▶ _WORK REQUEST_
All of the data below is to be returned unaltered.
┌──
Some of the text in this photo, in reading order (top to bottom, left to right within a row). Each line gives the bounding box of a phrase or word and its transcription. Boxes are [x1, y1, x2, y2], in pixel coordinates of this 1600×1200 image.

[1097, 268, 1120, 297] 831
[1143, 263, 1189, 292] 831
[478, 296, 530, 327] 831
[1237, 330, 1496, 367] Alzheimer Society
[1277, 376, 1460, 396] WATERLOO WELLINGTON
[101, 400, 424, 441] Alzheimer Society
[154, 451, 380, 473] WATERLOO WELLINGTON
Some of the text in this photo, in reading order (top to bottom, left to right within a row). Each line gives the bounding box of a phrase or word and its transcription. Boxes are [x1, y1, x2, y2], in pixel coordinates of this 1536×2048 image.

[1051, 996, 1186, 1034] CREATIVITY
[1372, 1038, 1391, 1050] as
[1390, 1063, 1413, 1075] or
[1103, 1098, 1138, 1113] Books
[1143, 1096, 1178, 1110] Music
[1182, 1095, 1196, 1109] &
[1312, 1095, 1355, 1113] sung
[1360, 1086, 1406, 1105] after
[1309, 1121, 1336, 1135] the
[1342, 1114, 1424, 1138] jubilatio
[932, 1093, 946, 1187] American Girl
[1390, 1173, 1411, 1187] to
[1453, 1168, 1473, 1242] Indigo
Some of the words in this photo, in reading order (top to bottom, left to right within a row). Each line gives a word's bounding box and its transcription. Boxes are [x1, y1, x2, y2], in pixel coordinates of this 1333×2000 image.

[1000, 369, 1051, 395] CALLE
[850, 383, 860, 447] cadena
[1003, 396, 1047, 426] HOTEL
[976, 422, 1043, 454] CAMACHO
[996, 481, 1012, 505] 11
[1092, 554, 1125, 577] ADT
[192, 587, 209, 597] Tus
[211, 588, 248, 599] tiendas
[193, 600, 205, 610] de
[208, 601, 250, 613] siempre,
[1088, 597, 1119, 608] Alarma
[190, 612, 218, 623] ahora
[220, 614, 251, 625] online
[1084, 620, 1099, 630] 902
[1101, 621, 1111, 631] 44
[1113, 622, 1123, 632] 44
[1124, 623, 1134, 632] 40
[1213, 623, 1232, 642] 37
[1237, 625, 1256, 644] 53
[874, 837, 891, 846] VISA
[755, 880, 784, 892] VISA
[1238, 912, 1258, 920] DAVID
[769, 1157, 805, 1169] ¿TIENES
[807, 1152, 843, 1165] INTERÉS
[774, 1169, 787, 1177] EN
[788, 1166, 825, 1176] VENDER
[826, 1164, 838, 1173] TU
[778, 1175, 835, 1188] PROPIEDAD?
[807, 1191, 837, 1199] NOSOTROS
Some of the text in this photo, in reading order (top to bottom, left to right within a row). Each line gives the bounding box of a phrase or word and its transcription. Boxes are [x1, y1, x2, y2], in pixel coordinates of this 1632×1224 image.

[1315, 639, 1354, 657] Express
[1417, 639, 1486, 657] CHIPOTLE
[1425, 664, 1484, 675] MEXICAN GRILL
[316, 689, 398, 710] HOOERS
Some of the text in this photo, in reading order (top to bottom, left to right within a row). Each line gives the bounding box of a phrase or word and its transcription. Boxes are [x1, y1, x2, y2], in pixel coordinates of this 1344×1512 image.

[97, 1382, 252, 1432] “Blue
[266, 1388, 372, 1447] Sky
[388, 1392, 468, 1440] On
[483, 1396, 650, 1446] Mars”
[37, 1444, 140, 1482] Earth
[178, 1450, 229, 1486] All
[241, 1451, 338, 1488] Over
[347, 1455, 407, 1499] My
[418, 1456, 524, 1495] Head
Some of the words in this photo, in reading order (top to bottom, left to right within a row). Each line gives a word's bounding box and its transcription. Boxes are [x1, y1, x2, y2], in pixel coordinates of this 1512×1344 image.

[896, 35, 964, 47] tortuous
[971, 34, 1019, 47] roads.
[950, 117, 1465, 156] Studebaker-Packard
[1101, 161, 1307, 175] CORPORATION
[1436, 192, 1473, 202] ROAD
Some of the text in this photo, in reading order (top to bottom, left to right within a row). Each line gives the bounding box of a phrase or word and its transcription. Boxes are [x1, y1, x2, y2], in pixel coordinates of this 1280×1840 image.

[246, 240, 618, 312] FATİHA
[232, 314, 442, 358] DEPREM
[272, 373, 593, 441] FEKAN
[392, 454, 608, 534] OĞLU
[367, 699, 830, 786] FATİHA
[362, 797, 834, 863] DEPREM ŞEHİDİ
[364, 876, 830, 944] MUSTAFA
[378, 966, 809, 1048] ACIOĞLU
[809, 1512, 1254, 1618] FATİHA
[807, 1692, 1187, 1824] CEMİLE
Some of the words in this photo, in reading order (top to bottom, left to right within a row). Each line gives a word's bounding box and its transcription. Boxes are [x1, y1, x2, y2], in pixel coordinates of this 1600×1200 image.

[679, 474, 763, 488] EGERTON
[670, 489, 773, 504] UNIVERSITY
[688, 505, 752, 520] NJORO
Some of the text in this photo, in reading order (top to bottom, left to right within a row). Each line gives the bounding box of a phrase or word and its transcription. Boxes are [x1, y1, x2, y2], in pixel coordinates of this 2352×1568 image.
└──
▶ _YOUR SOLUTION_
Some of the text in this photo, in reading order (top to bottom, left to right within a row). Each line gives the bounding box of a phrase or word and its transcription. Boxes are [x1, y1, x2, y2], in pixel coordinates of this 1600×1200 image.

[1097, 268, 1120, 297] 831
[1143, 263, 1189, 292] 831
[478, 296, 530, 327] 831
[1237, 330, 1496, 367] Alzheimer Society
[1277, 376, 1460, 396] WATERLOO WELLINGTON
[101, 400, 424, 441] Alzheimer Society
[154, 451, 380, 473] WATERLOO WELLINGTON
Some of the text in this photo, in reading order (top to bottom, left to right within a row). Each line gives the bounding box of a phrase or word and its transcription. Boxes are [x1, y1, x2, y2], in pixel coordinates of this 1536×2048 image.

[1051, 996, 1186, 1034] CREATIVITY
[1372, 1038, 1391, 1050] as
[1390, 1063, 1413, 1075] or
[1103, 1098, 1138, 1113] Books
[1143, 1096, 1178, 1110] Music
[1182, 1095, 1196, 1109] &
[1312, 1095, 1355, 1113] sung
[1360, 1086, 1406, 1105] after
[1309, 1121, 1336, 1135] the
[1342, 1114, 1424, 1138] jubilatio
[932, 1093, 946, 1187] American Girl
[1390, 1173, 1411, 1187] to
[1453, 1168, 1473, 1242] Indigo
Some of the words in this photo, in reading order (top to bottom, left to right within a row). Each line gives a word's bounding box and its transcription. Boxes are [x1, y1, x2, y2], in pixel coordinates of this 1333×2000 image.

[1000, 369, 1051, 395] CALLE
[850, 383, 860, 447] cadena
[1003, 396, 1047, 426] HOTEL
[976, 422, 1043, 454] CAMACHO
[996, 481, 1012, 505] 11
[1092, 554, 1125, 577] ADT
[192, 587, 209, 597] Tus
[211, 588, 248, 599] tiendas
[193, 600, 205, 610] de
[208, 601, 250, 613] siempre,
[1088, 597, 1119, 608] Alarma
[190, 612, 218, 623] ahora
[220, 614, 251, 625] online
[1084, 620, 1099, 630] 902
[1101, 621, 1111, 631] 44
[1113, 622, 1123, 632] 44
[1124, 623, 1134, 632] 40
[1213, 623, 1232, 642] 37
[1237, 625, 1256, 644] 53
[874, 837, 891, 846] VISA
[755, 880, 784, 892] VISA
[1238, 912, 1258, 920] DAVID
[769, 1157, 805, 1169] ¿TIENES
[807, 1152, 843, 1165] INTERÉS
[774, 1169, 787, 1177] EN
[788, 1166, 825, 1176] VENDER
[826, 1164, 838, 1173] TU
[778, 1175, 835, 1188] PROPIEDAD?
[807, 1191, 837, 1199] NOSOTROS
Some of the text in this photo, in reading order (top to bottom, left to right within a row). Each line gives the bounding box of a phrase or word and its transcription. Boxes are [x1, y1, x2, y2], in pixel coordinates of this 1632×1224 image.

[1315, 639, 1354, 657] Express
[1417, 639, 1486, 657] CHIPOTLE
[1425, 664, 1484, 675] MEXICAN GRILL
[316, 689, 398, 710] HOOERS
Some of the text in this photo, in reading order (top to bottom, left to right within a row). Each line gives the bounding box of a phrase or word and its transcription. Boxes are [x1, y1, x2, y2], in pixel coordinates of this 1344×1512 image.

[97, 1382, 252, 1432] “Blue
[266, 1388, 372, 1447] Sky
[388, 1392, 468, 1440] On
[483, 1396, 650, 1446] Mars”
[37, 1444, 140, 1482] Earth
[178, 1450, 229, 1486] All
[241, 1451, 338, 1488] Over
[347, 1455, 407, 1499] My
[418, 1456, 524, 1495] Head
Some of the words in this photo, in reading order (top to bottom, left to right within a row). Each line gives a word's bounding box and its transcription. Boxes are [x1, y1, x2, y2], in pixel coordinates of this 1512×1344 image.

[896, 35, 964, 47] tortuous
[971, 34, 1019, 47] roads.
[950, 117, 1465, 156] Studebaker-Packard
[1101, 161, 1307, 175] CORPORATION
[1436, 192, 1473, 202] ROAD
Some of the text in this photo, in reading order (top to bottom, left to right within a row). Each line gives the bounding box of a phrase or word and its transcription. Boxes are [x1, y1, x2, y2], in pixel coordinates of this 1280×1840 image.

[246, 240, 618, 312] FATİHA
[232, 314, 442, 358] DEPREM
[272, 373, 593, 441] FEKAN
[392, 454, 608, 534] OĞLU
[367, 699, 830, 786] FATİHA
[362, 797, 834, 863] DEPREM ŞEHİDİ
[364, 876, 830, 944] MUSTAFA
[378, 966, 809, 1048] ACIOĞLU
[809, 1512, 1254, 1618] FATİHA
[807, 1692, 1187, 1824] CEMİLE
Some of the words in this photo, in reading order (top to bottom, left to right within a row). Each line gives a word's bounding box and its transcription. Boxes are [x1, y1, x2, y2], in pixel coordinates of this 1600×1200 image.

[679, 474, 763, 488] EGERTON
[670, 489, 773, 504] UNIVERSITY
[688, 505, 752, 520] NJORO
Some of the text in this photo, in reading order (top to bottom, left to right within a row). Each line gives the bounding box of a phrase or word and its transcription. Boxes are [x1, y1, x2, y2], in pixel coordinates of this 2352×1568 image.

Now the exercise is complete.